__Assignment__: The line containing "this 1667×1875 image." marks where to begin. Write out that line and every line after it exactly, through the last line below.

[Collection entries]

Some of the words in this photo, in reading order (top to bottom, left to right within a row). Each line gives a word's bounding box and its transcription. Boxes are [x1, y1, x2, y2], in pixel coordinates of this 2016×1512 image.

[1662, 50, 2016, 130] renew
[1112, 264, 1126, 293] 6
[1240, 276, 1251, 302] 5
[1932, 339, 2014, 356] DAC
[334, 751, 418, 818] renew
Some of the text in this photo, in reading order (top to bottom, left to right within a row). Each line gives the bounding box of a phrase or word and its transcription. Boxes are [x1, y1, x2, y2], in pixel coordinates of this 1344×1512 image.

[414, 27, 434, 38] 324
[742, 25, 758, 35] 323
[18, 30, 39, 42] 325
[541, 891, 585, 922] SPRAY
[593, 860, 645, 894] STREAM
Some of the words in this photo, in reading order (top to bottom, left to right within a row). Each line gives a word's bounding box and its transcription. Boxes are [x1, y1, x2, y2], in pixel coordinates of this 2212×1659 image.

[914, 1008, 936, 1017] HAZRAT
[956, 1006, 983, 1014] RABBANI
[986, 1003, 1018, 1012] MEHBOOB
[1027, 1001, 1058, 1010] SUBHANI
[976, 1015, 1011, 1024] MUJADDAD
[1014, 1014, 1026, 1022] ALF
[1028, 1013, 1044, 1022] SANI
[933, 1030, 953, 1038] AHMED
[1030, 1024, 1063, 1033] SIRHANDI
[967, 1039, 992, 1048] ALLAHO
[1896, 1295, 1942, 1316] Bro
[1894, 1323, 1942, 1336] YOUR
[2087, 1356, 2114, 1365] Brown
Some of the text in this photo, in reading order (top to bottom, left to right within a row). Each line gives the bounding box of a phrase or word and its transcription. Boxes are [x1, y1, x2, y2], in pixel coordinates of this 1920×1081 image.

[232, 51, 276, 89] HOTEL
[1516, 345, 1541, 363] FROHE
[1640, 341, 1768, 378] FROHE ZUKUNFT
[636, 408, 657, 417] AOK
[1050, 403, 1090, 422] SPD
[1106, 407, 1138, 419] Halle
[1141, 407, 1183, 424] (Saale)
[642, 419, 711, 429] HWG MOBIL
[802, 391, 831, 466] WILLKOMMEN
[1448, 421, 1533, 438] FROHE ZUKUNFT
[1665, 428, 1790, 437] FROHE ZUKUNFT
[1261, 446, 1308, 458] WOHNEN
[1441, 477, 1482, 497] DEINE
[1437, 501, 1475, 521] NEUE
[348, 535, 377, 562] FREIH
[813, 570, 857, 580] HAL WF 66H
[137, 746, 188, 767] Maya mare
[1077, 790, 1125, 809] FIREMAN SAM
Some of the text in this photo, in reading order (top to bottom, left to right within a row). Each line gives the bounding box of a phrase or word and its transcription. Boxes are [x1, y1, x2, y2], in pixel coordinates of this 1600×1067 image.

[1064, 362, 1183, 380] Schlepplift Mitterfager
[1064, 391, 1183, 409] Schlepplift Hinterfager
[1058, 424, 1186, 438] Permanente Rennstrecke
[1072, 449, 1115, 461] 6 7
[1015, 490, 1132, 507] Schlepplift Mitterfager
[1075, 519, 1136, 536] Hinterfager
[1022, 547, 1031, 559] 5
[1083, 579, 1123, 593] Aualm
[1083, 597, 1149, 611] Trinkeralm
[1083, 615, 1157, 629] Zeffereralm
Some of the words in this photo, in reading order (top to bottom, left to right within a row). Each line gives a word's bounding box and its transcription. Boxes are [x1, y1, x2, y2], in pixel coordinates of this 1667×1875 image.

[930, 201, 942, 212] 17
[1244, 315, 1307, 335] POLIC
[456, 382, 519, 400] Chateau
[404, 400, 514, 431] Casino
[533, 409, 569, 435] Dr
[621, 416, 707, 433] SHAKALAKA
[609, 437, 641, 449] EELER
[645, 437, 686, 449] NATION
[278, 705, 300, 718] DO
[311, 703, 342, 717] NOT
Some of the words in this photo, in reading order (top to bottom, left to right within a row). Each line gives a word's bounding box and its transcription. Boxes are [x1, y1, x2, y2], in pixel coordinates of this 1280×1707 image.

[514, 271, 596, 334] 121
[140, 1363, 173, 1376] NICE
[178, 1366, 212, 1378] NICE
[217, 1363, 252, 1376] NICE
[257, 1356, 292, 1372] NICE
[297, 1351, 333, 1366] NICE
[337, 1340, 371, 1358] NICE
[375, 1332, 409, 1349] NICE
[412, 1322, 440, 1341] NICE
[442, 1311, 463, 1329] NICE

__Problem solution__:
Some of the words in this photo, in reading order (top to bottom, left to right within a row). Each line gives a word's bounding box and its transcription. Boxes are [x1, y1, x2, y2], in pixel coordinates of this 1667×1875 image.

[930, 201, 942, 212] 17
[1244, 315, 1307, 335] POLIC
[456, 382, 519, 400] Chateau
[404, 400, 514, 431] Casino
[533, 409, 569, 435] Dr
[621, 416, 707, 433] SHAKALAKA
[609, 437, 641, 449] EELER
[645, 437, 686, 449] NATION
[278, 705, 300, 718] DO
[311, 703, 342, 717] NOT
Some of the words in this photo, in reading order (top to bottom, left to right within a row). Each line gives a word's bounding box and its transcription. Boxes are [x1, y1, x2, y2], in pixel coordinates of this 1280×1707 image.

[514, 271, 596, 334] 121
[140, 1363, 173, 1376] NICE
[178, 1366, 212, 1378] NICE
[217, 1363, 252, 1376] NICE
[257, 1356, 292, 1372] NICE
[297, 1351, 333, 1366] NICE
[337, 1340, 371, 1358] NICE
[375, 1332, 409, 1349] NICE
[412, 1322, 440, 1341] NICE
[442, 1311, 463, 1329] NICE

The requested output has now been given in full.